For the attending physician and for the hospice team: Most importantly, this commitment to continuing care avoids any possibility that we might recommend assisted suicide or euthanasia out of our own motives – whether those motives are our own emotional distress on losing a fond patient, our own lack of familiarity with the medical techniques or technology required for effective symptom management; or our own fatigue.
For families – the families we serve and the families to which we belong: Though much of the personhood of our loved one has been lost by this point in their dying, the continuing care for their body represents an expression of reverence for the person who we have known, cared for and loved. By helping the patient, family members are called to honour the person departing. This type of continuing care is a mature, balanced expression for the inner turmoil – the grief – we may feel.

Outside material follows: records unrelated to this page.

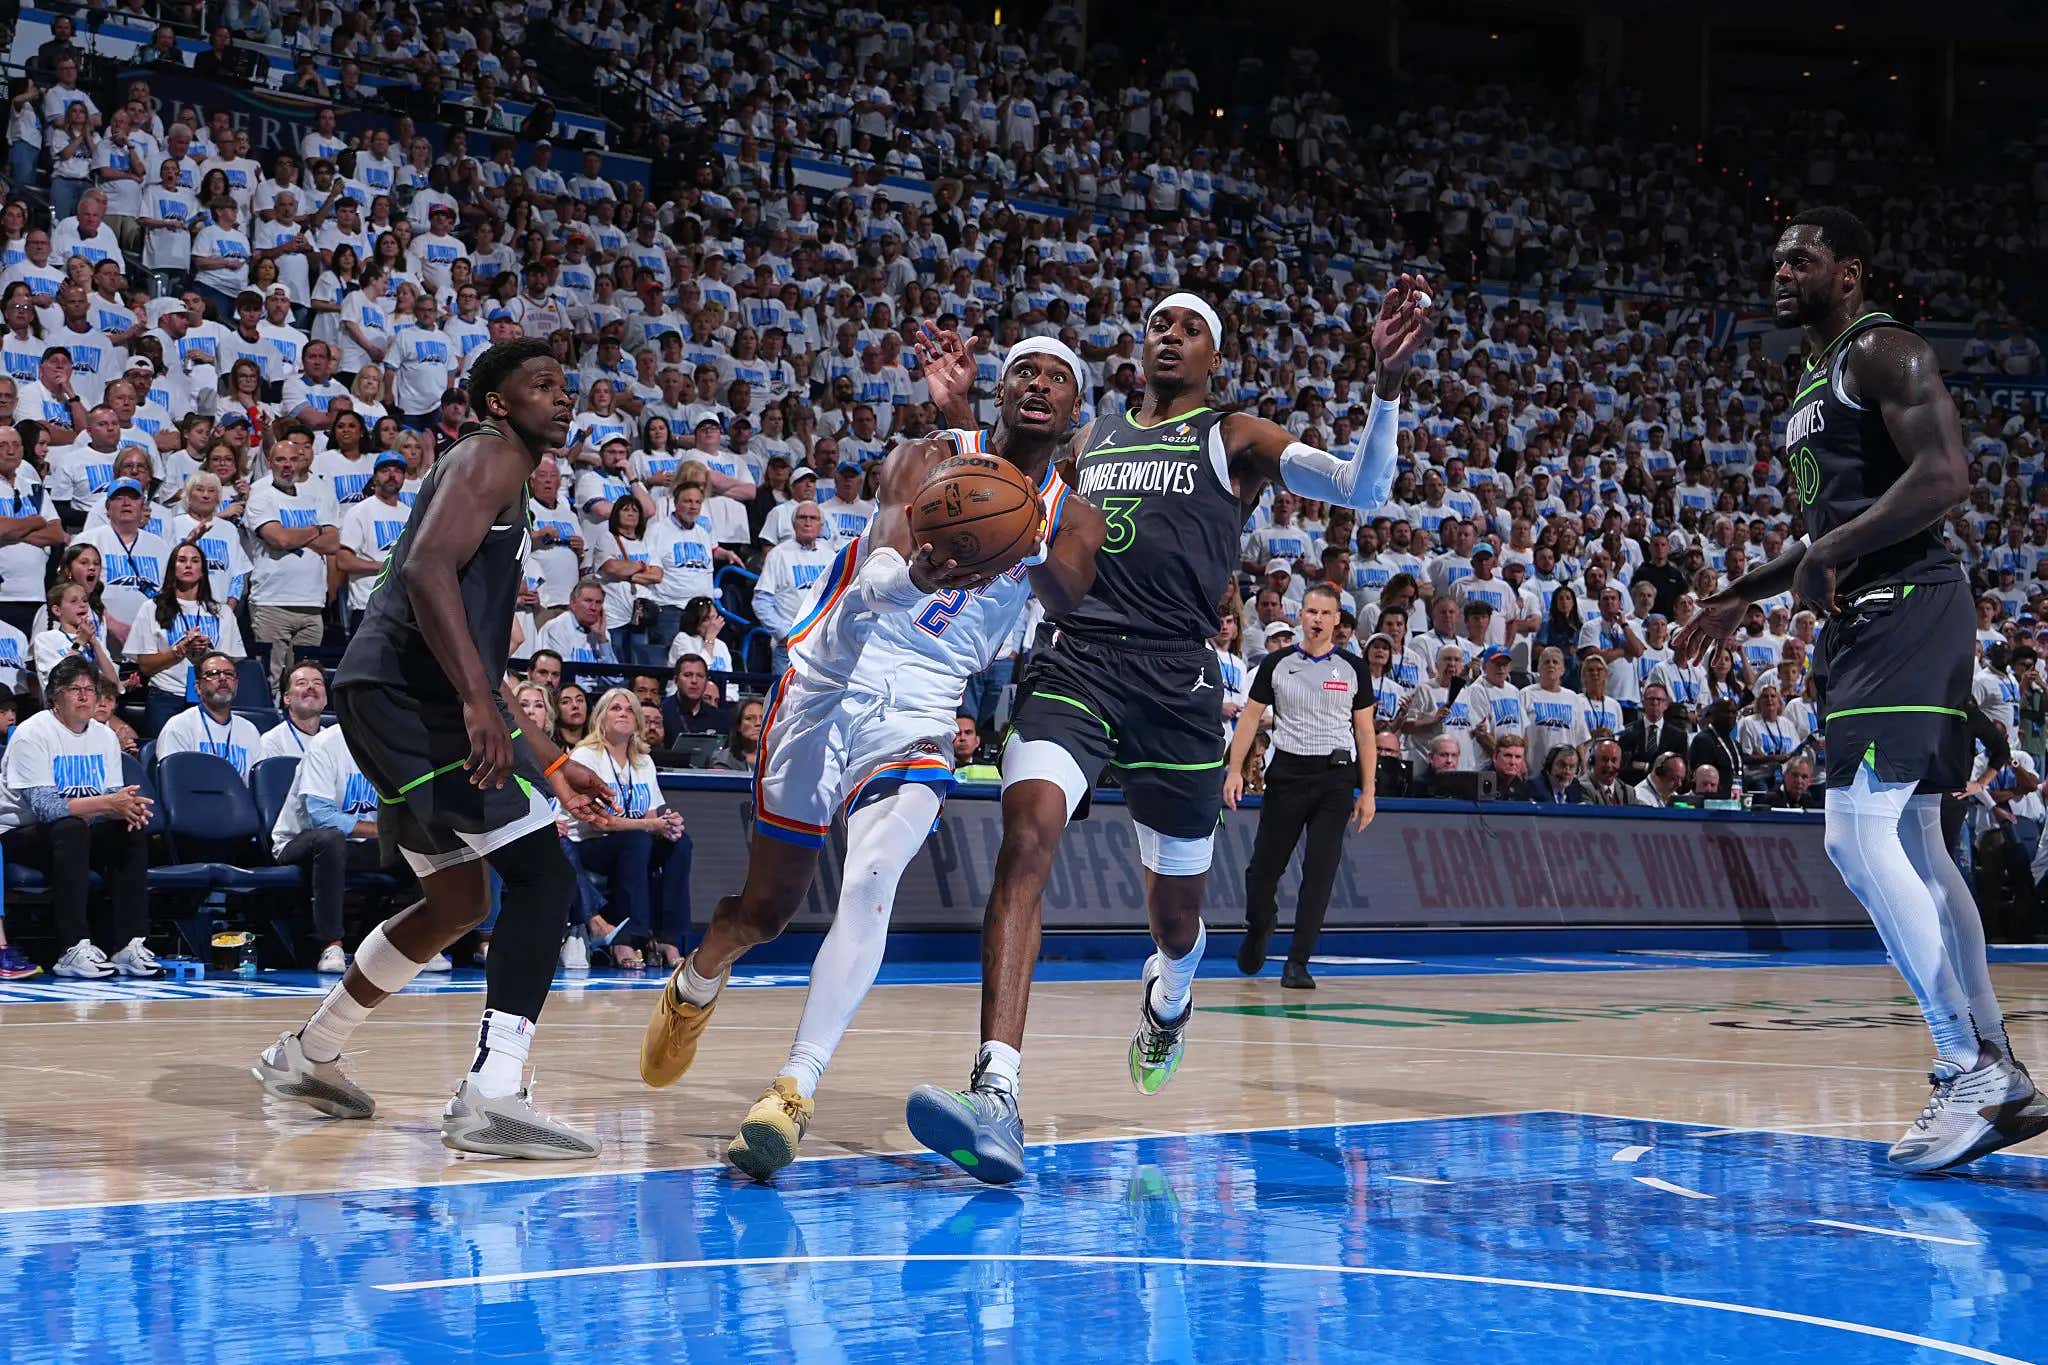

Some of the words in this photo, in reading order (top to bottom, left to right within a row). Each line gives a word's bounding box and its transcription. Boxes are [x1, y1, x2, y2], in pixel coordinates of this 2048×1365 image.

[1161, 435, 1197, 443] sezzle
[1078, 461, 1198, 497] TIMBERWOLVES
[1101, 497, 1142, 553] 3
[914, 586, 969, 637] 2
[1402, 827, 1502, 909] EARN
[1501, 829, 1640, 909] BADGES.
[1632, 832, 1705, 909] WIN
[1702, 835, 1821, 909] PRIZES.

For patients: Even when physical suffering is controlled there is the continued burden of dependency. Hospice clinicians speak about dependency as the loss of independence, as yet another stress for the dying person, another challenge of acceptance and surrender. And it is all that. But there is another important facet of this experience. There is an aspect of the person’s conscious acceptance of dependency that is a gift. Think of the many strong, proud people for whom, in their dying, dependency with the component feelings of helplessness and embarrassment was accepted for the sake of the others, for the sake of those whom they loved.

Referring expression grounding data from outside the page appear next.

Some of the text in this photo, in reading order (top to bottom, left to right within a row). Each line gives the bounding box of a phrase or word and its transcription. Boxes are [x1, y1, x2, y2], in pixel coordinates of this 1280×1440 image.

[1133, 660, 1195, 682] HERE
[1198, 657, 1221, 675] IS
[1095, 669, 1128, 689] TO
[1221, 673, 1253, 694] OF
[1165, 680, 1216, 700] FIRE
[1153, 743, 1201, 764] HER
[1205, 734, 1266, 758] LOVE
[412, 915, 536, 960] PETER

The burden of continued care may be the final gift that the dying can give to their loved ones.
And, lastly, for society: The conscious acceptance of these twin burdens – that of continued life beyond responsiveness and that of the care of our patients, friends and family near death – is part of living fully within the human condition. Suicide and euthanasia represents a withholding and an avoidance of these burdens. As patients, out of a desire to protect ones family or out of ones own pain, it is possible to choose suicide and, thus, withhold this burden – and the gift it embodies. To do so robs ones family of an opportunity for grieving that, while painful, is part of full and healthy living. The chance to care for the body and waning personhood of ones family members and ones patients represents a crucial, clarifying force on ourselves as persons and professionals.
It is time for hospice to assert these values in its advocacy of patients and in public debate. Society urgently needs to recognize that these burdens of waning life and continued care are also important gifts. Society would avoid these experiences at its peril, but might realize transformative potential in their embrace.